The situation has gotten worse in today's technology industry, with a high reported turnover rate of 13.2%, companies are actively seeking for new solutions to improve workforce engagement and to upgrade existing employee retention strategy.
In 2020, most hiring decisions are still made based on candidate's qualifications on paper, presentations during interviews and each interviewer's own judgement. Thus, a company may hire a star but also one that only shines for a small amount of time.

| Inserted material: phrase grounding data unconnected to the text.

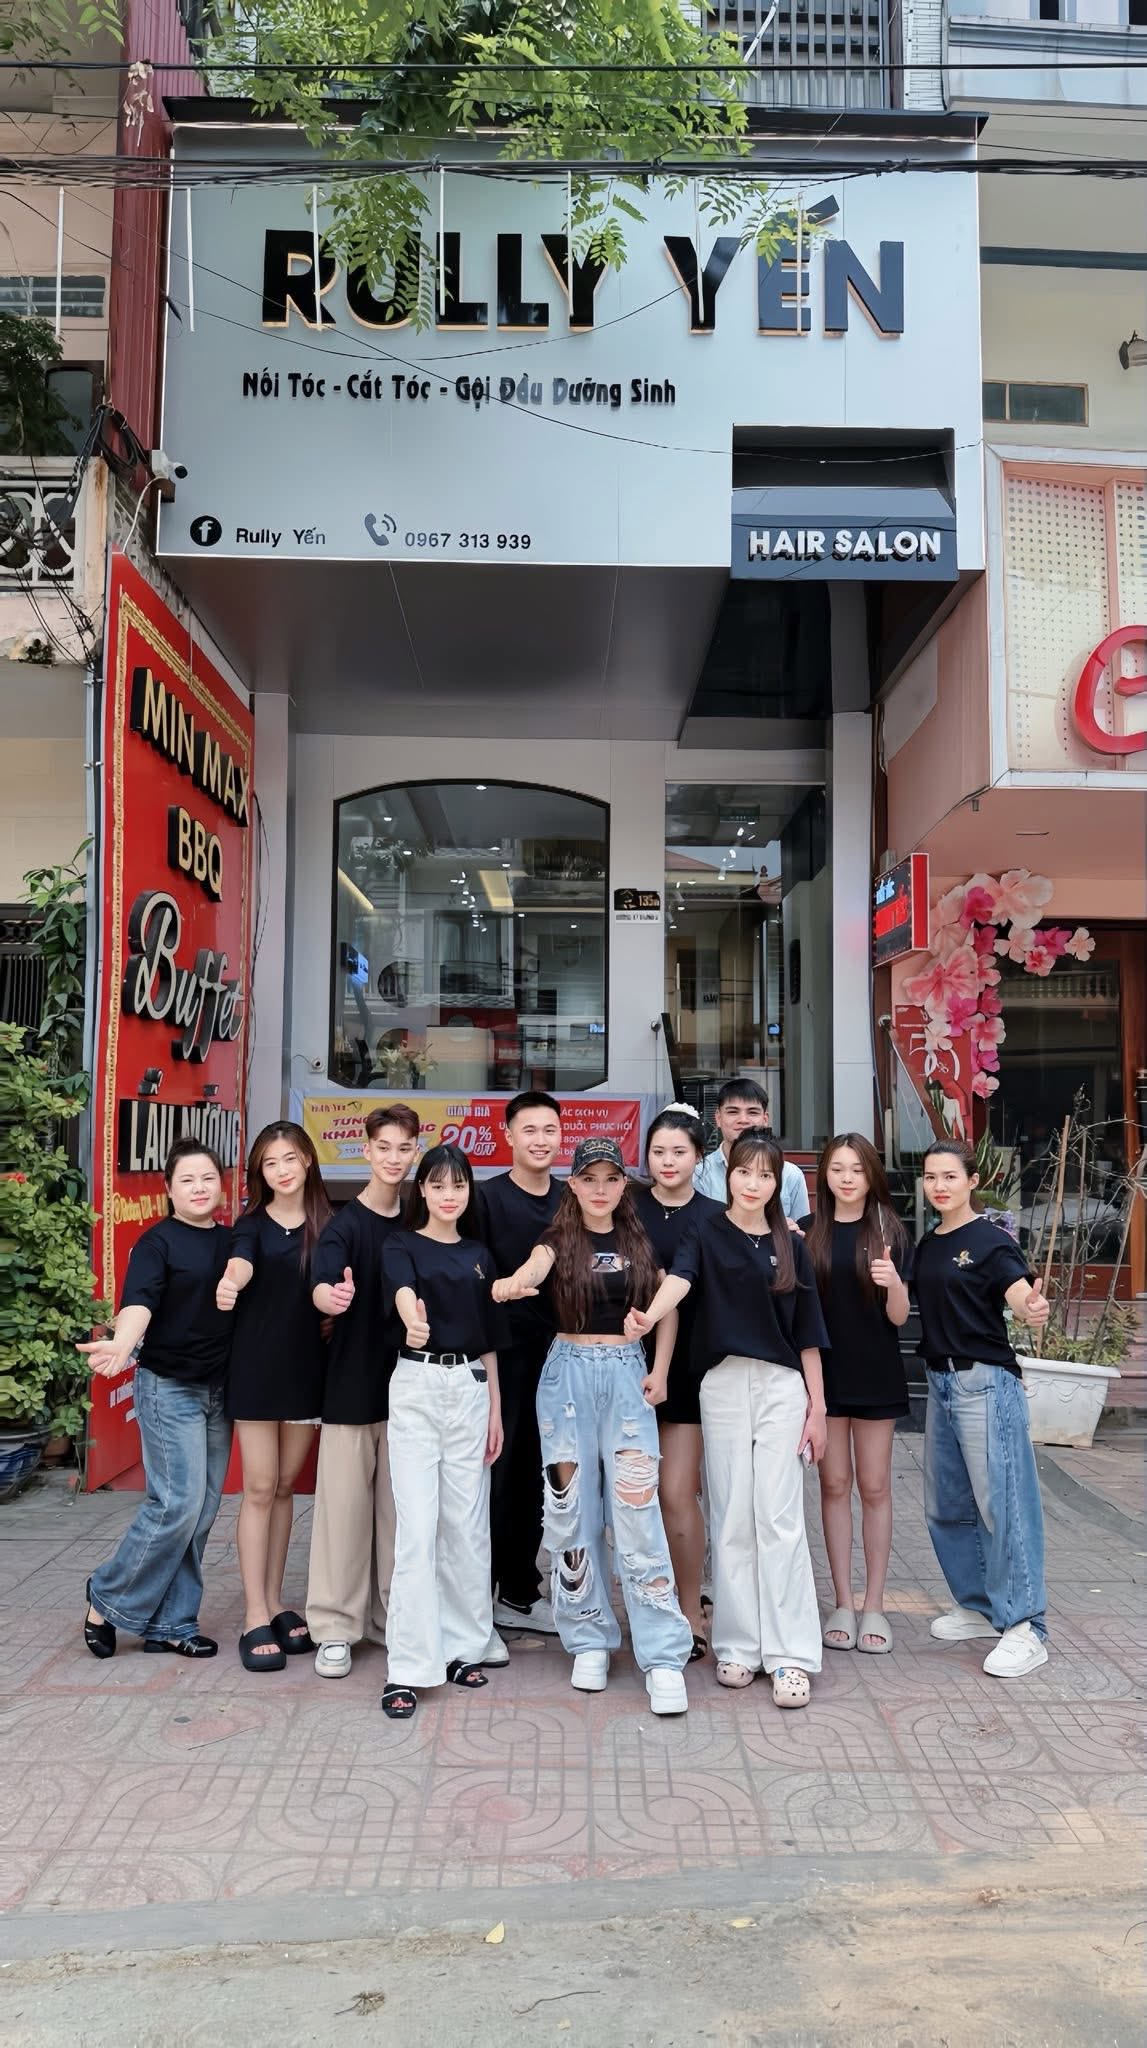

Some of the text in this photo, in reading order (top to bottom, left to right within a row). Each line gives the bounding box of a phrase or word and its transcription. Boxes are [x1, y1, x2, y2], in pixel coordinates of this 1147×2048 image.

[262, 194, 905, 338] RULLY YẾN
[242, 367, 280, 398] Nối
[288, 372, 326, 398] Tóc
[347, 370, 383, 400] Cắt
[392, 374, 431, 400] Tóc
[455, 375, 491, 410] Gội
[630, 377, 676, 403] Sinh
[235, 526, 326, 547] Rully Yến
[404, 531, 531, 549] 0967 313 939
[749, 529, 942, 559] HAIR SALON
[138, 668, 250, 828] MIN MAX
[174, 807, 223, 902] BBQ
[129, 890, 246, 1063] Buffet
[322, 1129, 363, 1140] KHAI
[442, 1125, 492, 1154] 20%
[473, 1142, 497, 1156] OFF
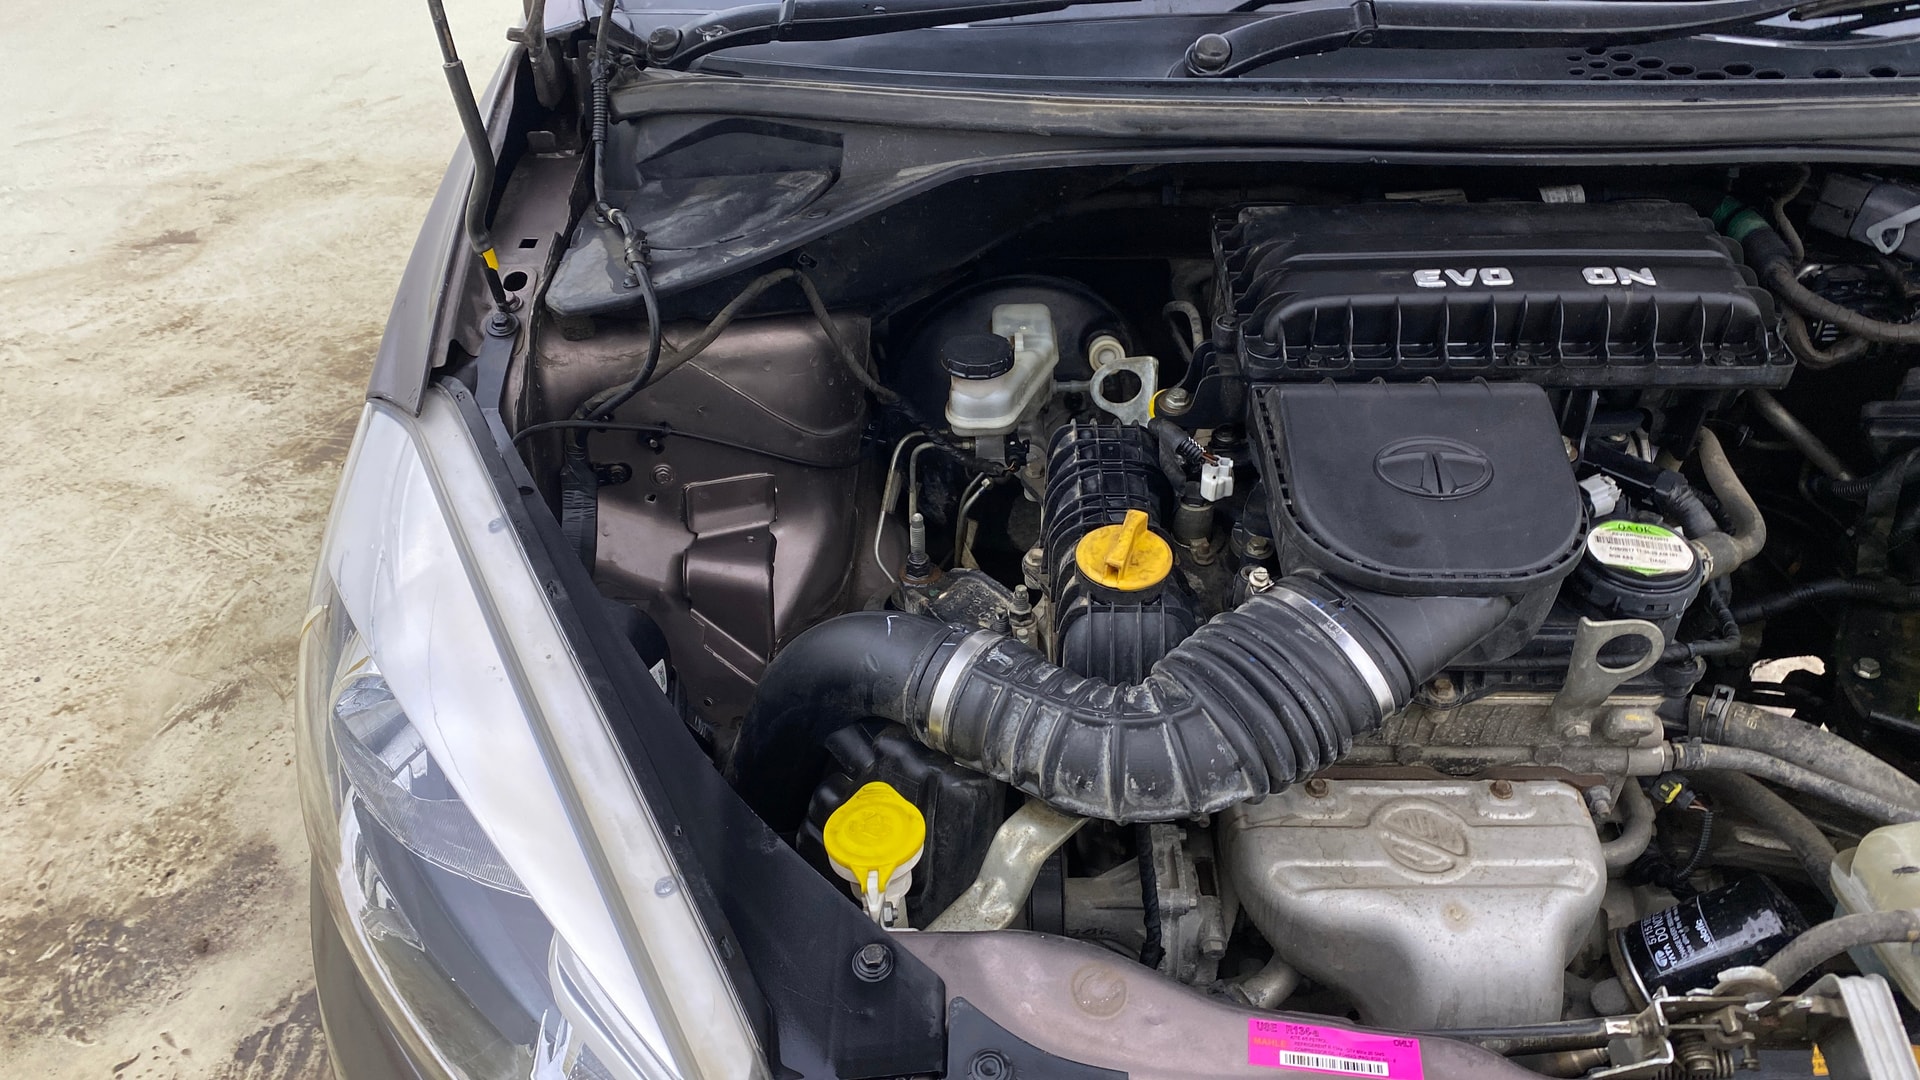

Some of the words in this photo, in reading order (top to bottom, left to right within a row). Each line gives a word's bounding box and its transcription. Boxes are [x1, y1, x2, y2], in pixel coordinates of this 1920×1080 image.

[1412, 267, 1514, 288] EVO
[1581, 267, 1657, 286] ON
[1636, 525, 1651, 533] OK
[1655, 926, 1669, 943] DO
[1663, 942, 1678, 968] TATA
[1254, 1037, 1287, 1047] MAHLE
[1256, 1021, 1278, 1033] USE
[1393, 1039, 1414, 1048] ONLY
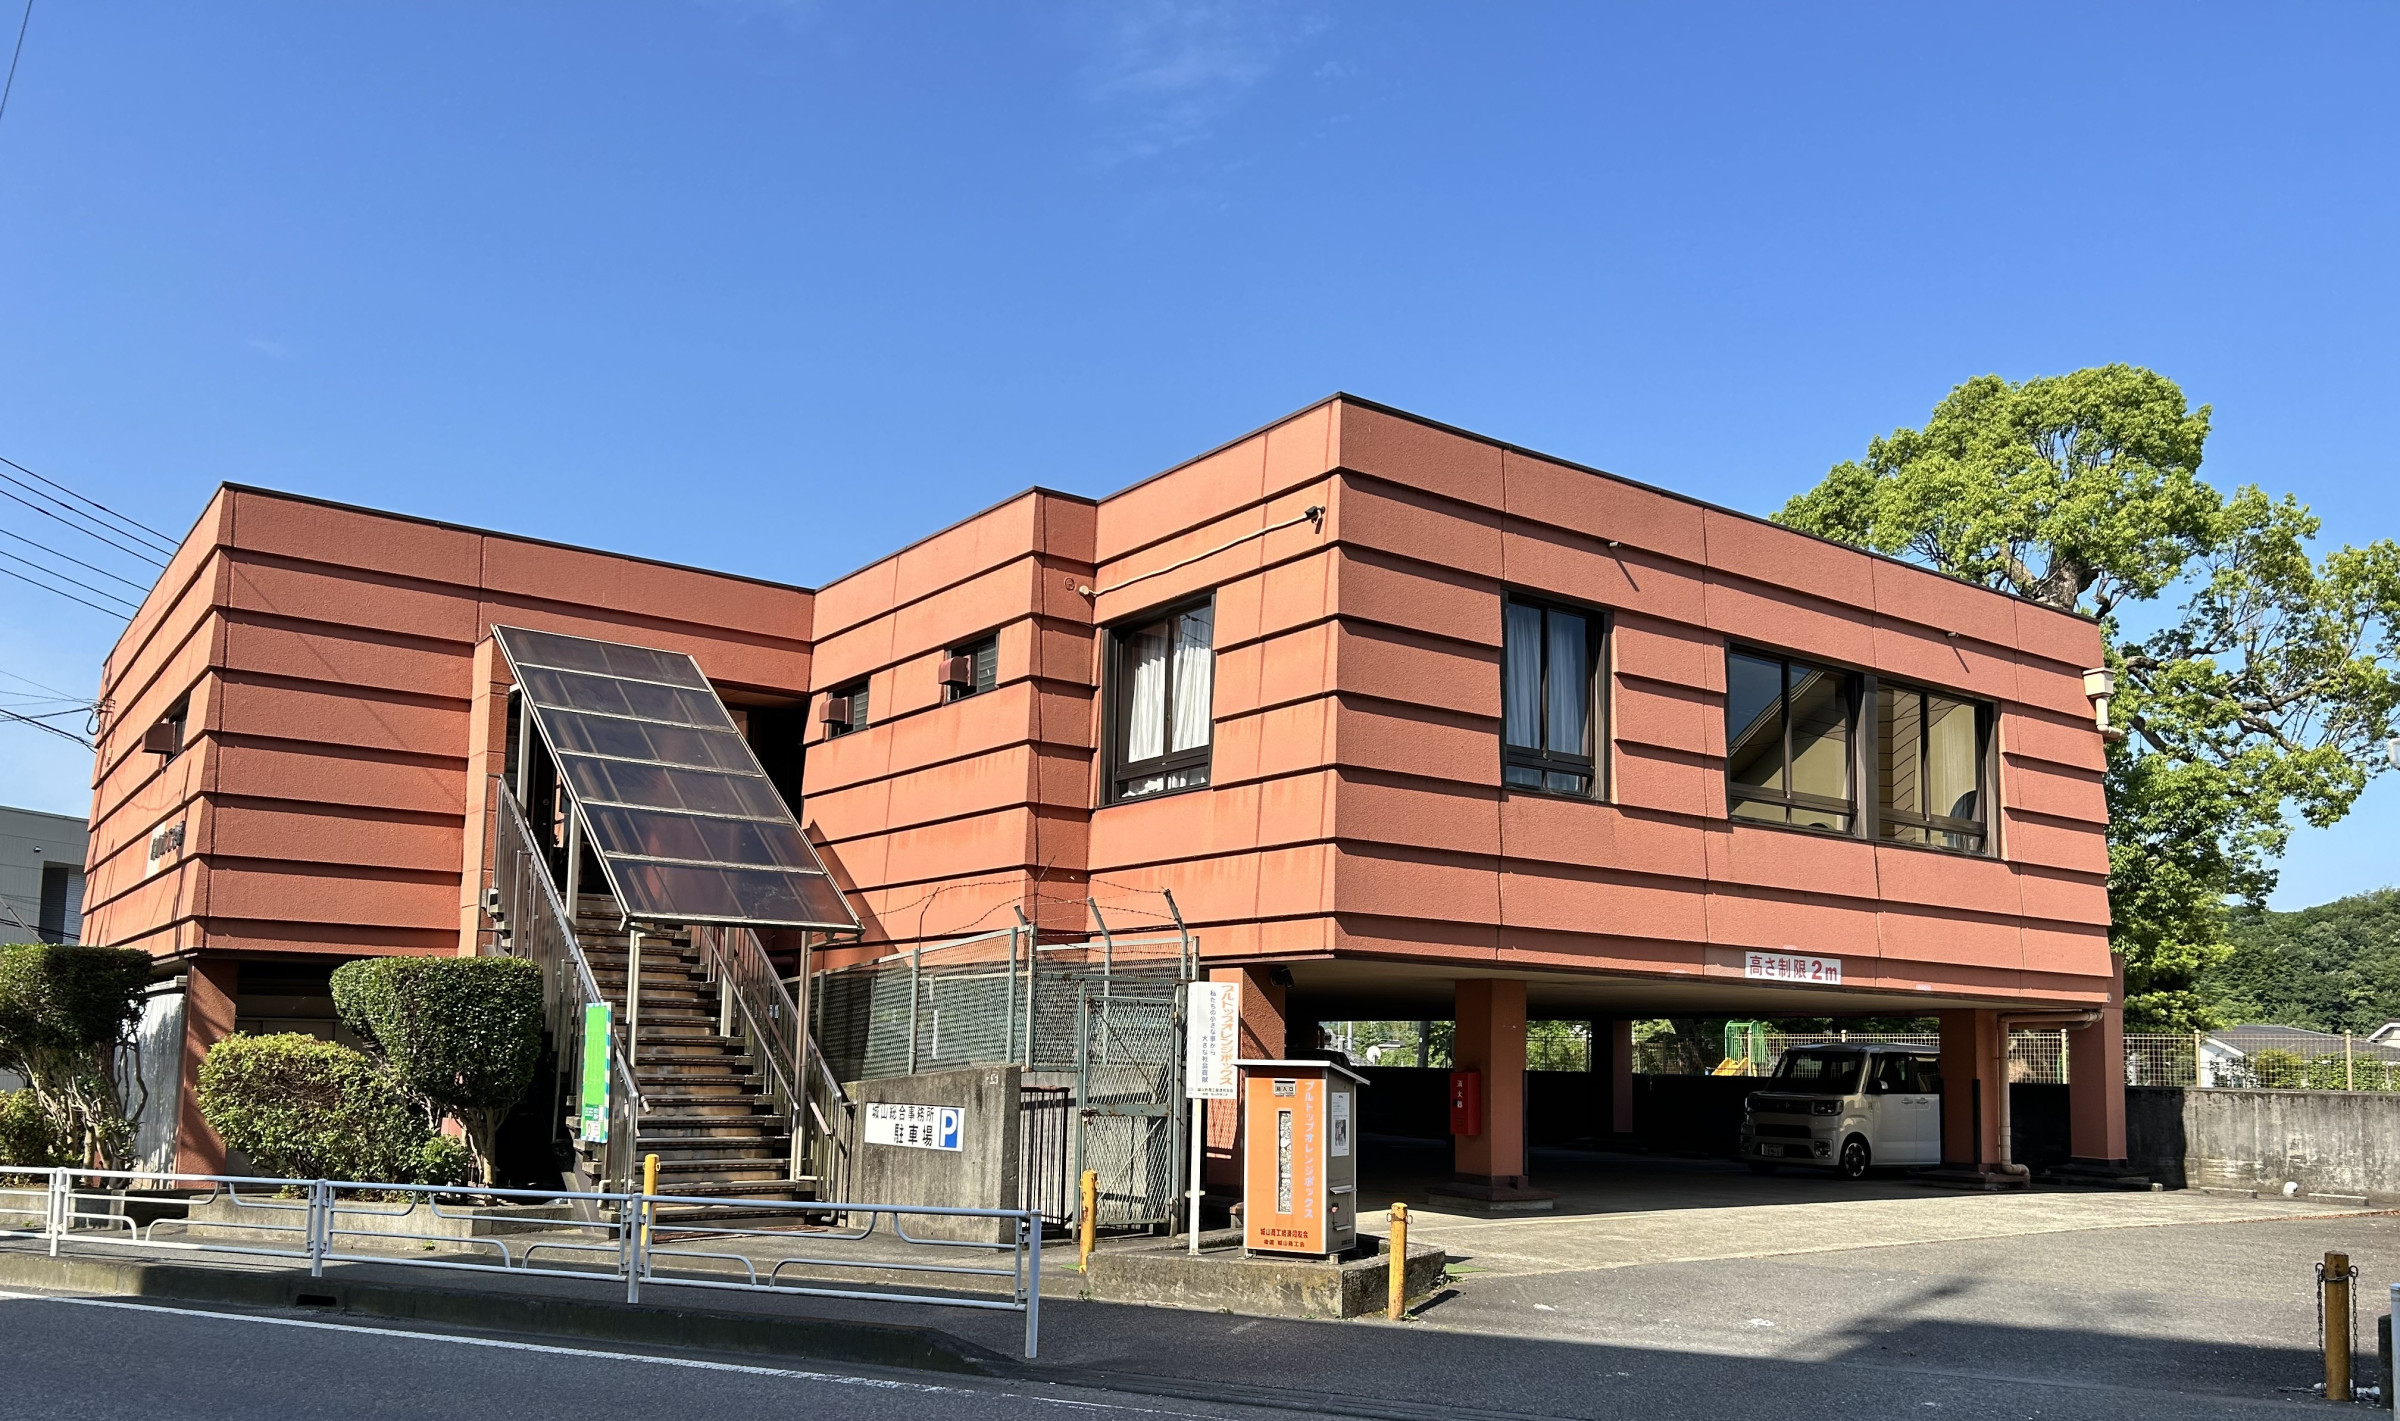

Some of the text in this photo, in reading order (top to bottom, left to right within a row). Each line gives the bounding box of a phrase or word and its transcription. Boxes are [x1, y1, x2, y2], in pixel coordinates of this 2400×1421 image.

Using the HR analytics dataset made by IBM data scientists as an example, I created a systematic and statistical approach to analyze human resource data. In addition, by leveraging the power of machine learning, I am able to predict and describe employee attrition. Furthermore, the methodologies used in this project are transferrable and can be applied to any related problems.
Objective:
Identify employee attrition, uncover the factors that drive employee attrition, and ultimately, help companies to improve human retention strategy.
Problem Type:
We want to separate "Attrition" employees from "No Attrition" employees, and we have the target label in our dataset. Therefore, it should be a classification problem.
Methodology:
Tackle the objective with business domain knowledge, data analysis and machine learning.
4 data analysis approaches are covered throughout this project:
Descriptive Analysis: Based on the data available, what relationship we can draw and what patterns we can find.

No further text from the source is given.